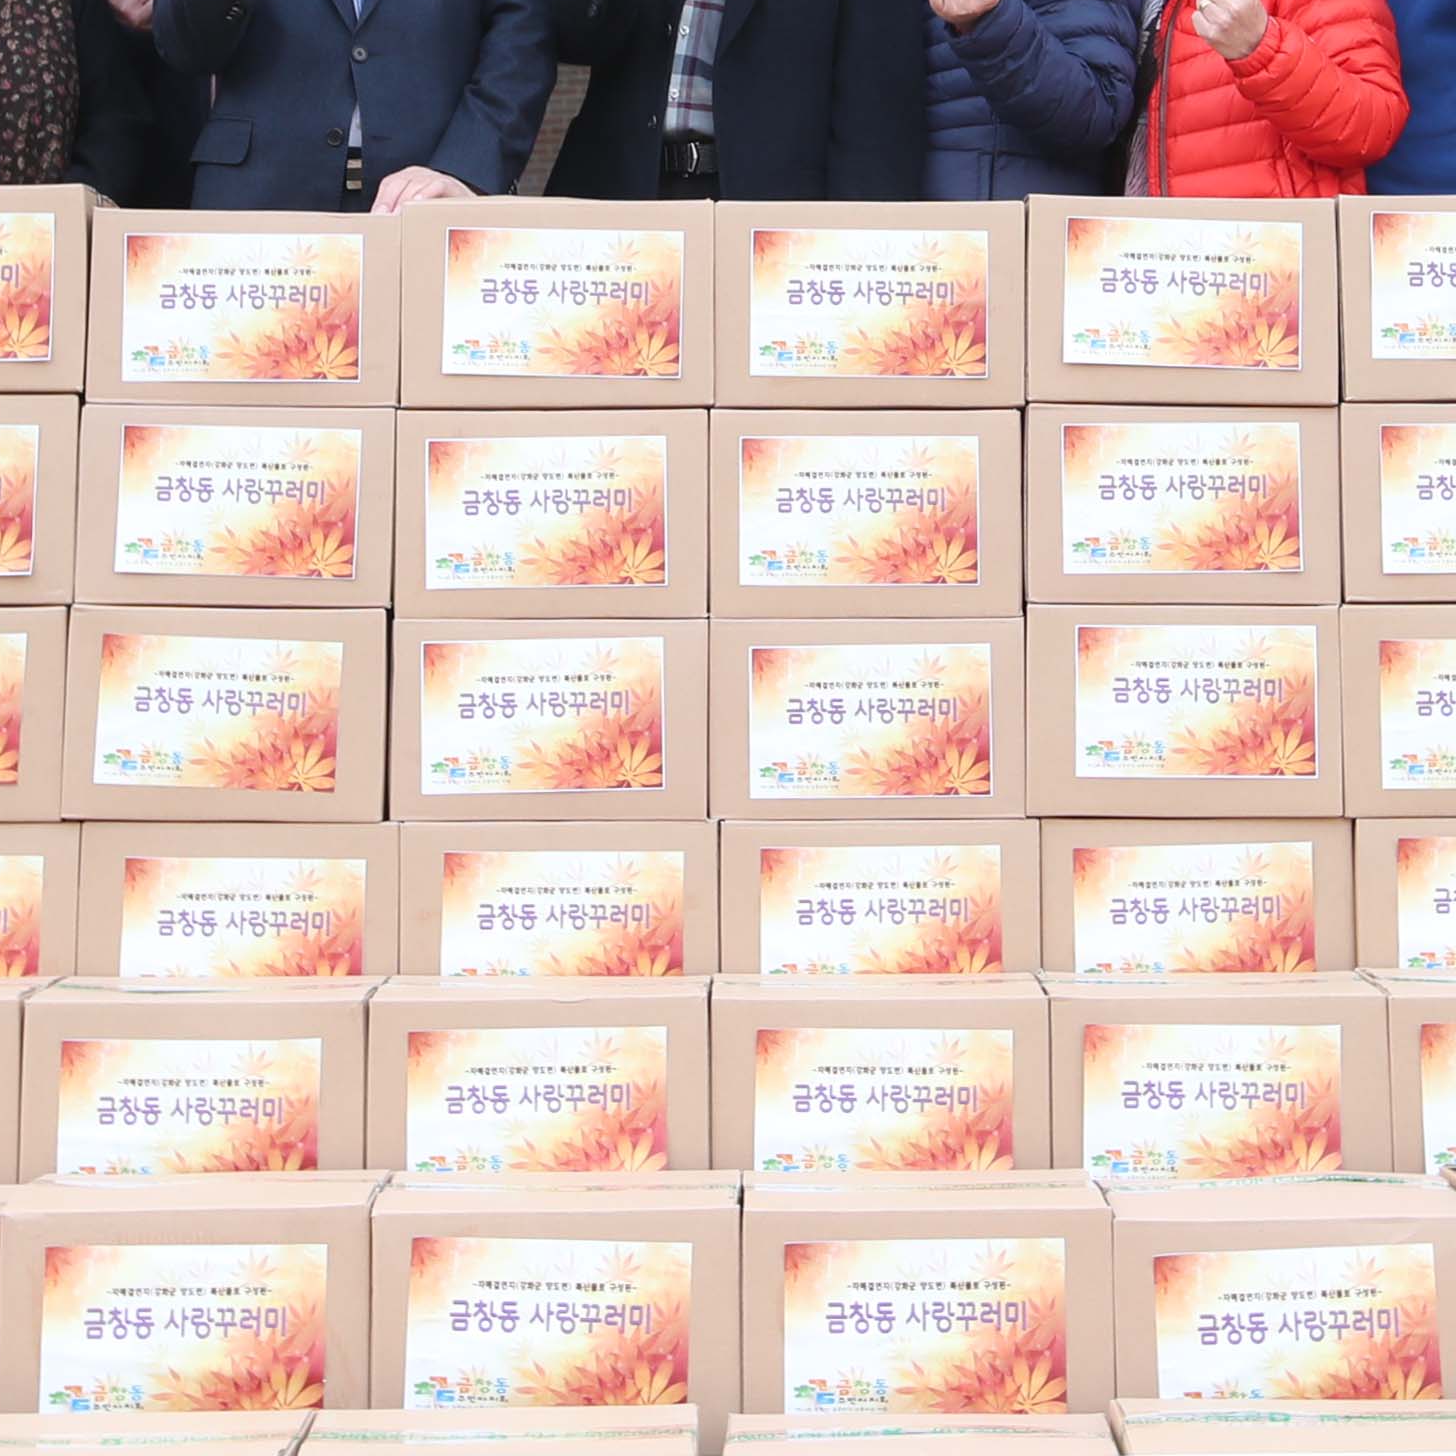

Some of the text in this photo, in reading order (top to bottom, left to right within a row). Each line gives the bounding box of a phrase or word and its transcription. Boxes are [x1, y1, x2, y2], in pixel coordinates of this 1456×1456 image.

[158, 284, 329, 311] 금창동 사랑꾸러미
[479, 278, 650, 307] 금창동 사랑꾸러미
[785, 279, 956, 307] 금창동 사랑꾸러미
[1099, 267, 1269, 299] 금창동 사랑꾸러미
[153, 476, 327, 507] 금창동 사랑꾸러미
[461, 488, 633, 516] 금창동 사랑꾸러미
[775, 487, 946, 514] 금창동 사랑꾸러미
[1098, 474, 1268, 501] 금창동 사랑꾸러미
[132, 686, 308, 719] 금창동 사랑꾸러미
[457, 691, 630, 719] 금창동 사랑꾸러미
[1111, 677, 1284, 705] 금창동 사랑꾸러미
[785, 698, 958, 725] 금창동 사랑꾸러미
[156, 909, 332, 939] 금창동 사랑꾸러미
[477, 903, 652, 931] 금창동 사랑꾸러미
[795, 898, 969, 926] 금창동 사랑꾸러미
[1109, 896, 1282, 925] 금창동 사랑꾸러미
[444, 1084, 632, 1114] 금창동 사랑꾸러미
[791, 1083, 979, 1115] 금창동 사랑꾸러미
[1120, 1080, 1306, 1111] 금창동 사랑꾸러미
[96, 1096, 284, 1127] 금창동 사랑꾸러미
[82, 1307, 288, 1340] 금창동 사랑꾸러미
[448, 1299, 653, 1337] 금창동 사랑꾸러미
[824, 1301, 1028, 1334] 금창동 사랑꾸러미
[1197, 1308, 1400, 1346] 금창동 사랑꾸러미
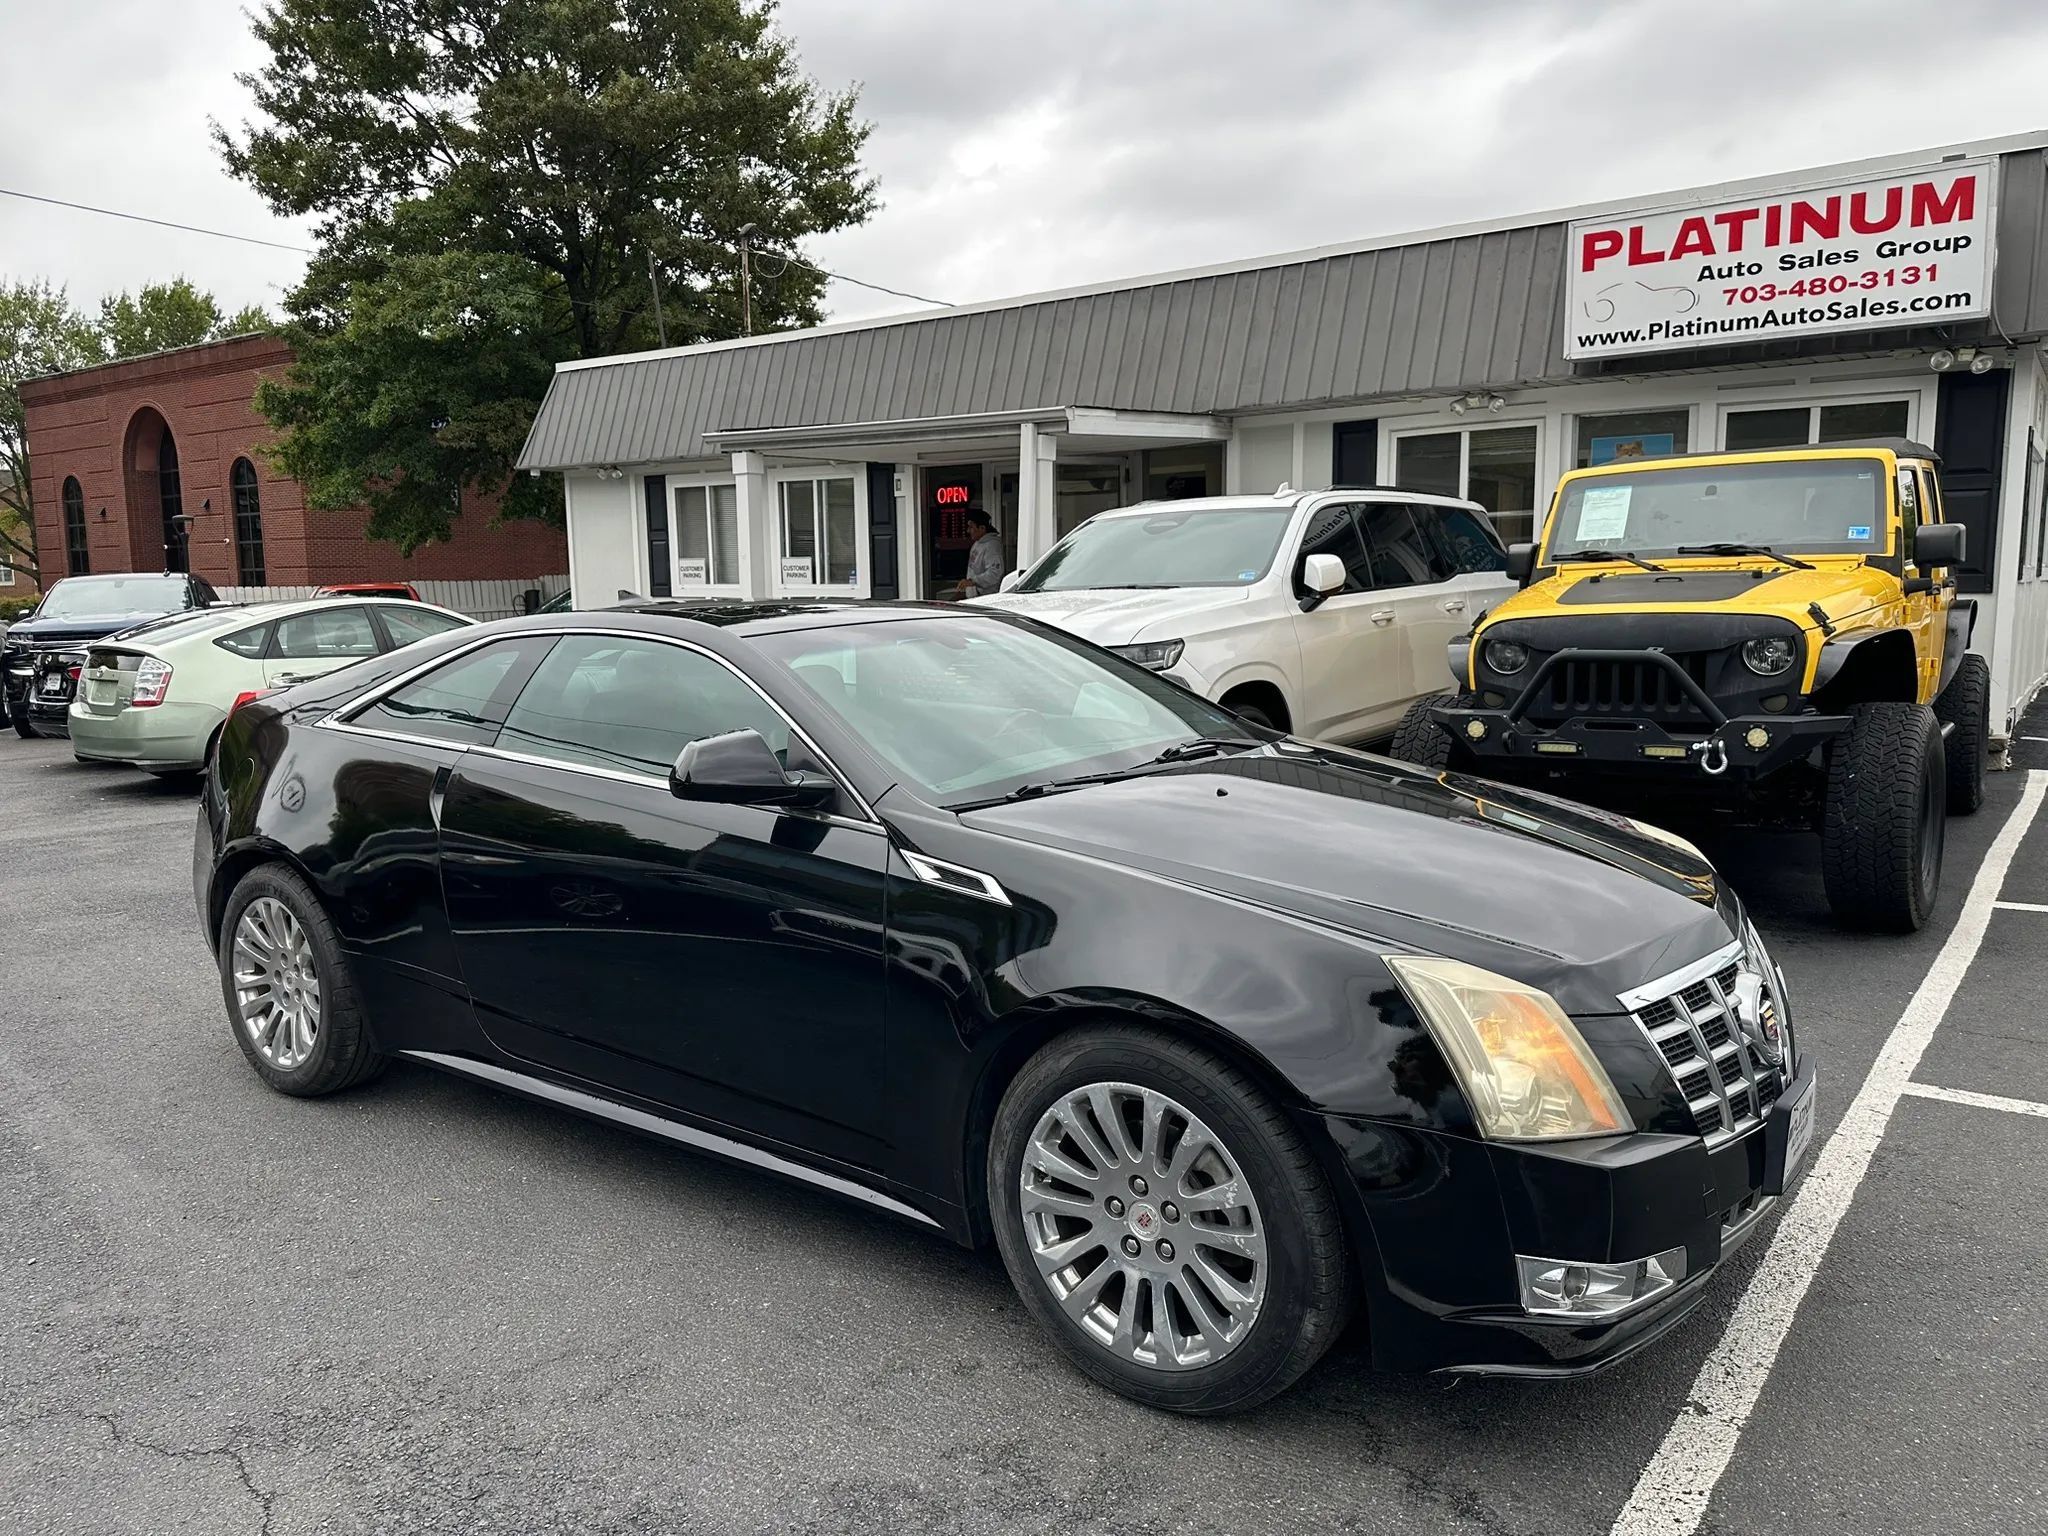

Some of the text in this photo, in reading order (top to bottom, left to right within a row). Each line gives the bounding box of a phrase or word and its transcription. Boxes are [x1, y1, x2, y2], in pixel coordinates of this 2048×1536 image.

**Work to be completed**
An exact transcript of the listing is needed, free of pictures.

**Reply to the task**
Some of the text in this photo, in reading order (top to bottom, left to right within a row). Each line gives the bounding box of a phrase or word and its transcription. Boxes are [x1, y1, x2, y2], in pixel coordinates of this 1456×1456 image.

[158, 284, 329, 311] 금창동 사랑꾸러미
[479, 278, 650, 307] 금창동 사랑꾸러미
[785, 279, 956, 307] 금창동 사랑꾸러미
[1099, 267, 1269, 299] 금창동 사랑꾸러미
[153, 476, 327, 507] 금창동 사랑꾸러미
[461, 488, 633, 516] 금창동 사랑꾸러미
[775, 487, 946, 514] 금창동 사랑꾸러미
[1098, 474, 1268, 501] 금창동 사랑꾸러미
[132, 686, 308, 719] 금창동 사랑꾸러미
[457, 691, 630, 719] 금창동 사랑꾸러미
[1111, 677, 1284, 705] 금창동 사랑꾸러미
[785, 698, 958, 725] 금창동 사랑꾸러미
[156, 909, 332, 939] 금창동 사랑꾸러미
[477, 903, 652, 931] 금창동 사랑꾸러미
[795, 898, 969, 926] 금창동 사랑꾸러미
[1109, 896, 1282, 925] 금창동 사랑꾸러미
[444, 1084, 632, 1114] 금창동 사랑꾸러미
[791, 1083, 979, 1115] 금창동 사랑꾸러미
[1120, 1080, 1306, 1111] 금창동 사랑꾸러미
[96, 1096, 284, 1127] 금창동 사랑꾸러미
[82, 1307, 288, 1340] 금창동 사랑꾸러미
[448, 1299, 653, 1337] 금창동 사랑꾸러미
[824, 1301, 1028, 1334] 금창동 사랑꾸러미
[1197, 1308, 1400, 1346] 금창동 사랑꾸러미

Some of the text in this photo, in reading order (top to bottom, left to right within a row). Each line gives the bounding box of a phrase or word and its transcription. Boxes are [x1, y1, x2, y2], in pixel coordinates of this 2048×1536 image.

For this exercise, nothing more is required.